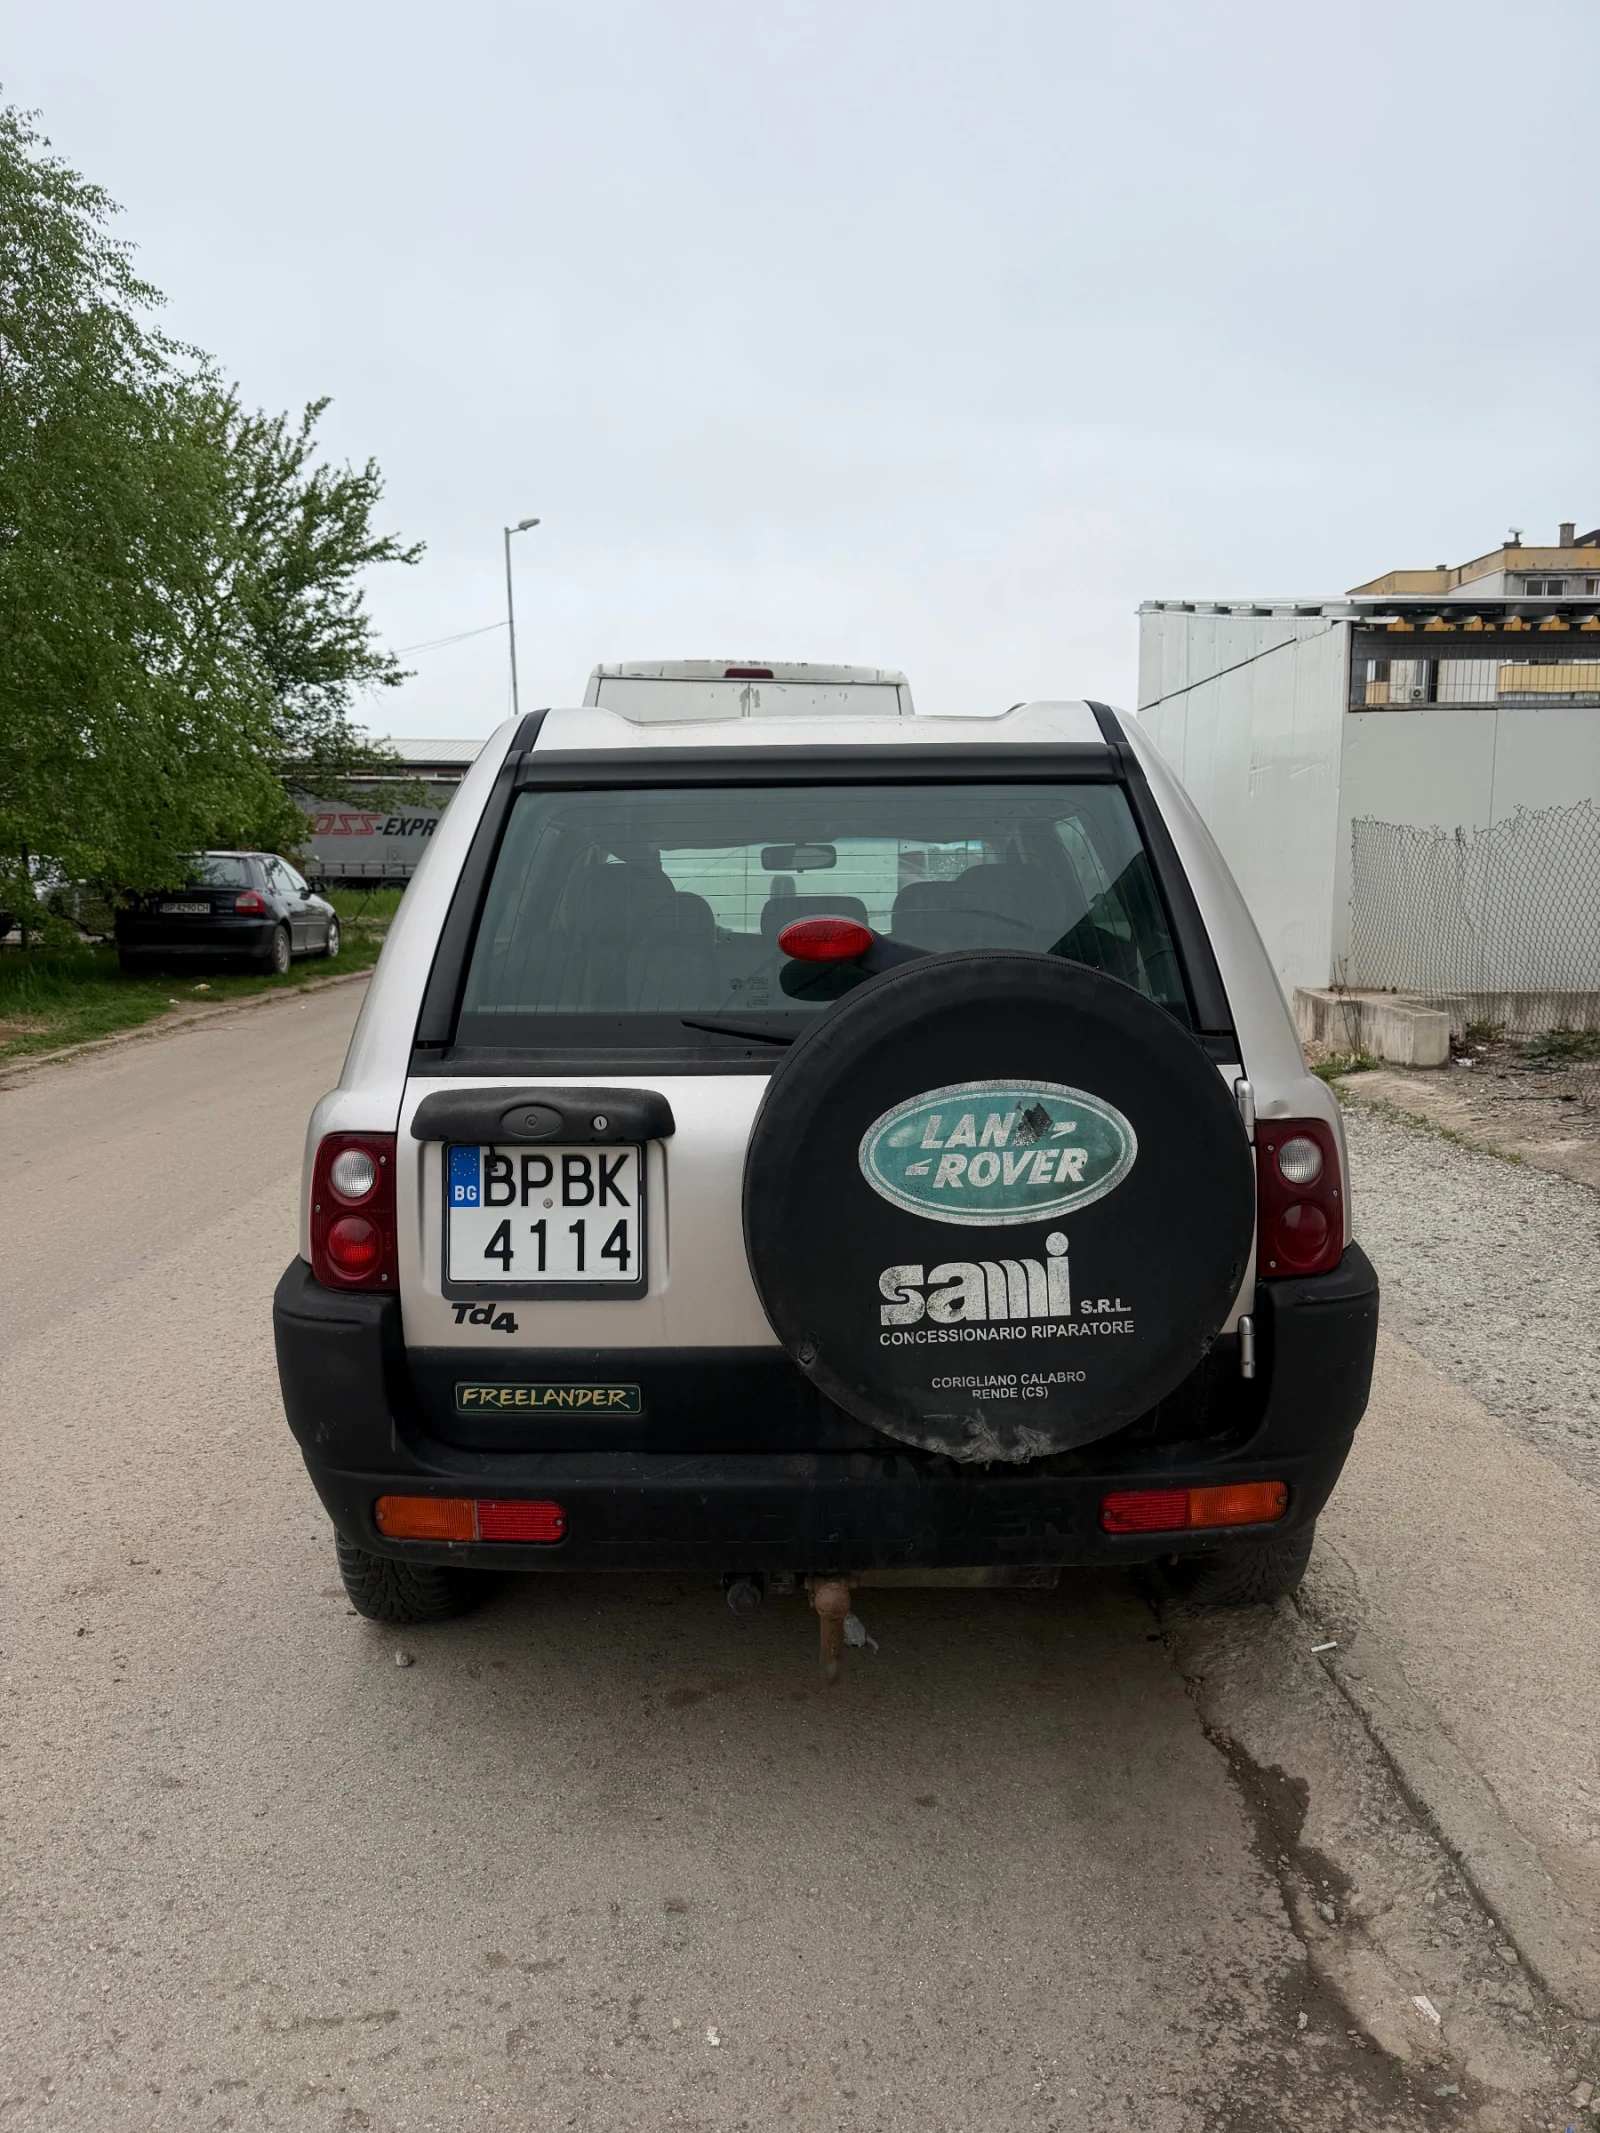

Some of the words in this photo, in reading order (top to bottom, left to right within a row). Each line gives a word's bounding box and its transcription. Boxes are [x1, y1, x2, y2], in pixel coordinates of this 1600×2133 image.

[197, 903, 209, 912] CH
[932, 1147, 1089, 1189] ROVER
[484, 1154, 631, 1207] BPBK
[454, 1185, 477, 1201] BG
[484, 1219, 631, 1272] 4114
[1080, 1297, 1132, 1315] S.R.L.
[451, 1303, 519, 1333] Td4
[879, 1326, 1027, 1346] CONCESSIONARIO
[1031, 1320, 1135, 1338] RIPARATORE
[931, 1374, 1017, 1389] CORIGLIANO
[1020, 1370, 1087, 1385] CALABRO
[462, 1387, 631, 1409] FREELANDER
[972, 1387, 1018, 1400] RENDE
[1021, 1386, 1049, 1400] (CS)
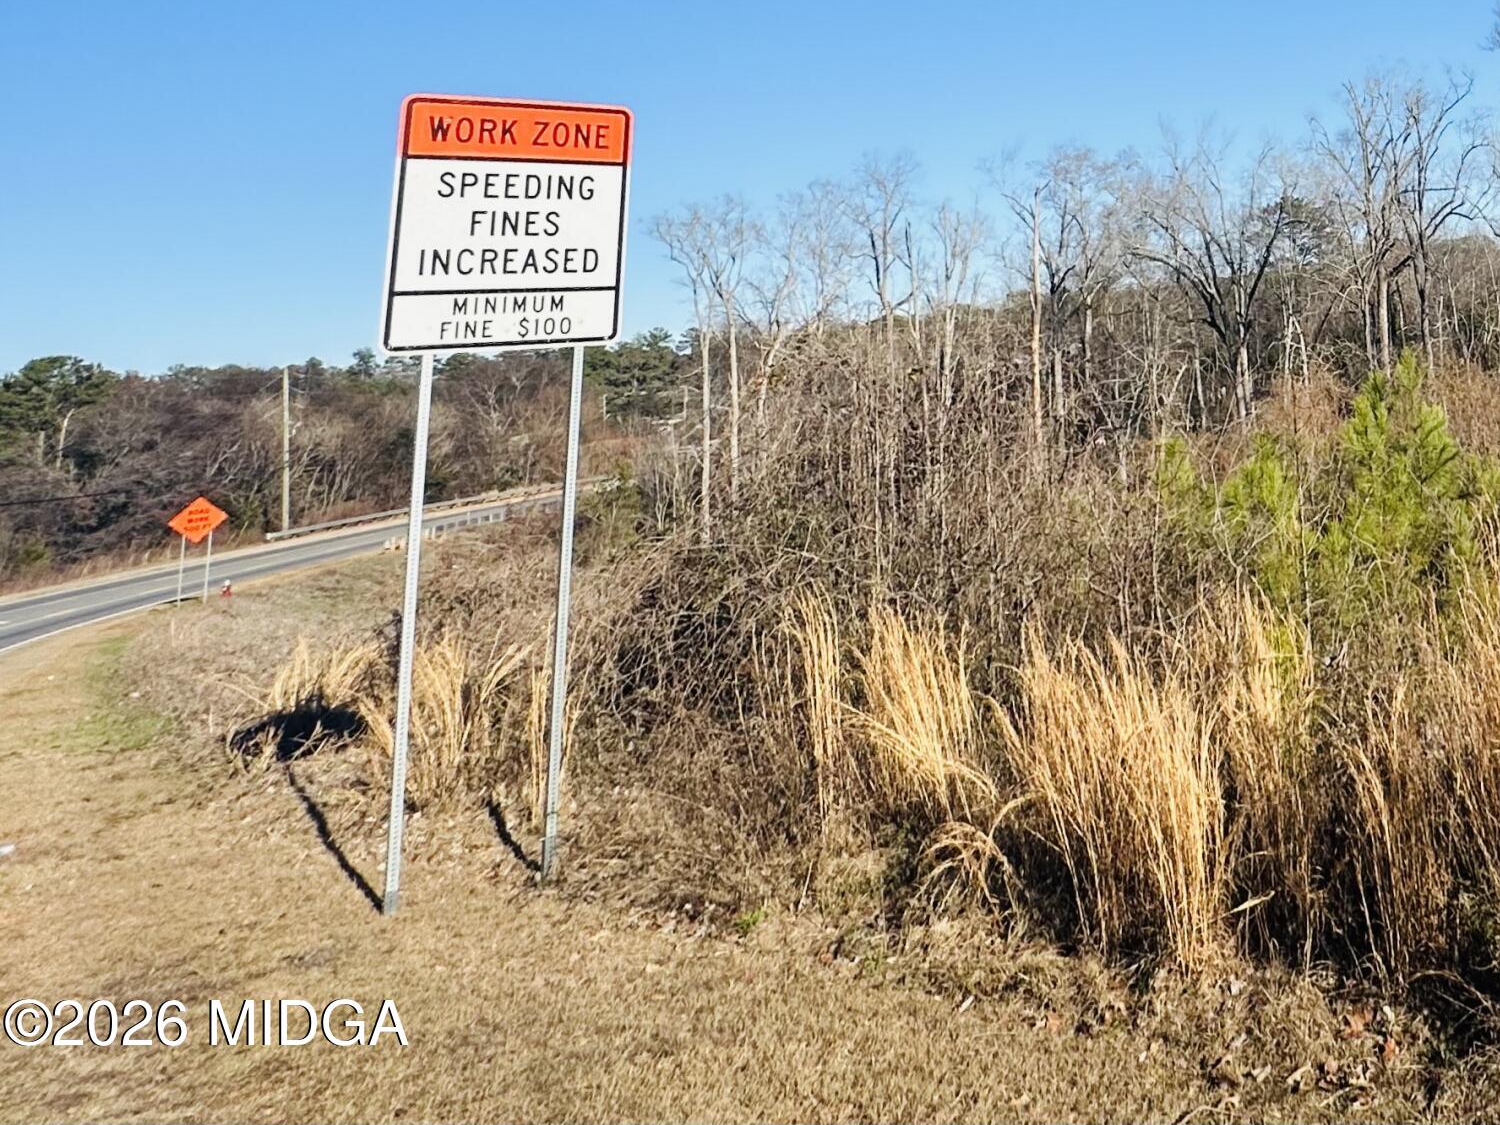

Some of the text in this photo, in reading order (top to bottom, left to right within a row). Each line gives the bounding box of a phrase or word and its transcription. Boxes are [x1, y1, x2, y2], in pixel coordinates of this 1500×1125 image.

——

## [EXERCISE DESCRIPTION]
Leaving out only the pictures, reproduce the listing exactly.

## [ANSWER FOR THIS EXERCISE]
Some of the words in this photo, in reading order (top to bottom, left to right within a row). Each line gives a word's bounding box and its transcription. Boxes are [x1, y1, x2, y2], in pixel coordinates of this 1600×2133 image.

[197, 903, 209, 912] CH
[932, 1147, 1089, 1189] ROVER
[484, 1154, 631, 1207] BPBK
[454, 1185, 477, 1201] BG
[484, 1219, 631, 1272] 4114
[1080, 1297, 1132, 1315] S.R.L.
[451, 1303, 519, 1333] Td4
[879, 1326, 1027, 1346] CONCESSIONARIO
[1031, 1320, 1135, 1338] RIPARATORE
[931, 1374, 1017, 1389] CORIGLIANO
[1020, 1370, 1087, 1385] CALABRO
[462, 1387, 631, 1409] FREELANDER
[972, 1387, 1018, 1400] RENDE
[1021, 1386, 1049, 1400] (CS)

Some of the text in this photo, in reading order (top to bottom, left to right within a row). Each line gives the bounding box of a phrase or word and its transcription. Boxes are [x1, y1, x2, y2], in pixel coordinates of this 1500×1125 image.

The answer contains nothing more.